Attitude is the make or break factor here and no-one but you have control over this one. If you are going to see budgeting as a punishment, or think of it as being forced to go on a monetary diet, thus denying yourself all things good and nice, you may manage for a while, but you will ultimately fail. If you have a partner of a family you will make yourself and everyone else resentful. If this is what you want, go for it.

Instead. You may want to take the opposite approach. Visualise what would happen if you were able to stick to your plan. So instead of saying there will be no/less you will be saying there will be more . It is easier for the brain to move towards the light of positivity.

A strategy that never works

There are some people who know exactly when their last debit or stop order goes off their accounts. They know this, because this is the time they hotfoot it to the nearest ATM to withdraw all their funds in one go. After all, they may reason, if I have it physically with me, I can have a better idea of how much I actually have and I also cannot overspend!

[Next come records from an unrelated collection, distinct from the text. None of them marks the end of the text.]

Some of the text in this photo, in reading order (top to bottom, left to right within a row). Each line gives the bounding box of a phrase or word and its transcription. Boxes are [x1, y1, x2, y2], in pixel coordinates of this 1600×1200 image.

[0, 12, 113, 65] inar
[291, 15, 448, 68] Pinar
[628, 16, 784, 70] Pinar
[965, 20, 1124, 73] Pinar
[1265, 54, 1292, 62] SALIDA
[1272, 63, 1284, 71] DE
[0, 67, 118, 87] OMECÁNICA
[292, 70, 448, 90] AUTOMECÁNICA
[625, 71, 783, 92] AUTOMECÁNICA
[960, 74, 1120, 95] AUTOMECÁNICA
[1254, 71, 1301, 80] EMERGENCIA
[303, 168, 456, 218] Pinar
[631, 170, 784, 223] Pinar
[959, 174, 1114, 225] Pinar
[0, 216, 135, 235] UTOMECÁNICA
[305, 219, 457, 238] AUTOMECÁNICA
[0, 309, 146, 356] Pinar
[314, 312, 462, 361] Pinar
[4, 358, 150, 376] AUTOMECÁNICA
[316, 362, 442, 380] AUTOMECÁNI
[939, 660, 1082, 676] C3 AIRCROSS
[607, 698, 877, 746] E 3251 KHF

They then go ahead and spend and spend until there is no more to spend. I hear you, in the back row, giggling uncomfortably. ‘Surely that isn’t (quite) me!” Maybe you don’t draw ALL the money at once, but in ‘tranches’. Or you ‘tap ‘n go’ to wild abandon. The spending may not even, when looked at purchase-by-purchase, seem excessive. It may be the frequency, motivation for making the purchase and the absence of a recording system or plan that makes this dangerous.

There are a few obvious dangers inherent to this strategy:

  1. Cash is expensive. You pay considerable amounts at ATMs for each cash withdrawal. This can be as high as R8 per R100 withdrawn. At this level it doesn’t seem so much, but scale it up….?
  2. It is physically dangerous. This is a method often used by older people who rely on their pension payouts. Unscrupulous predators (sadly, even family members) may become aware of their prey’s movements and wait for them around a dark corner… They may also pretend to need or offer help to an unexpected bank user. The reality is that once the money is gone, it is all gone and you really are in deep trouble.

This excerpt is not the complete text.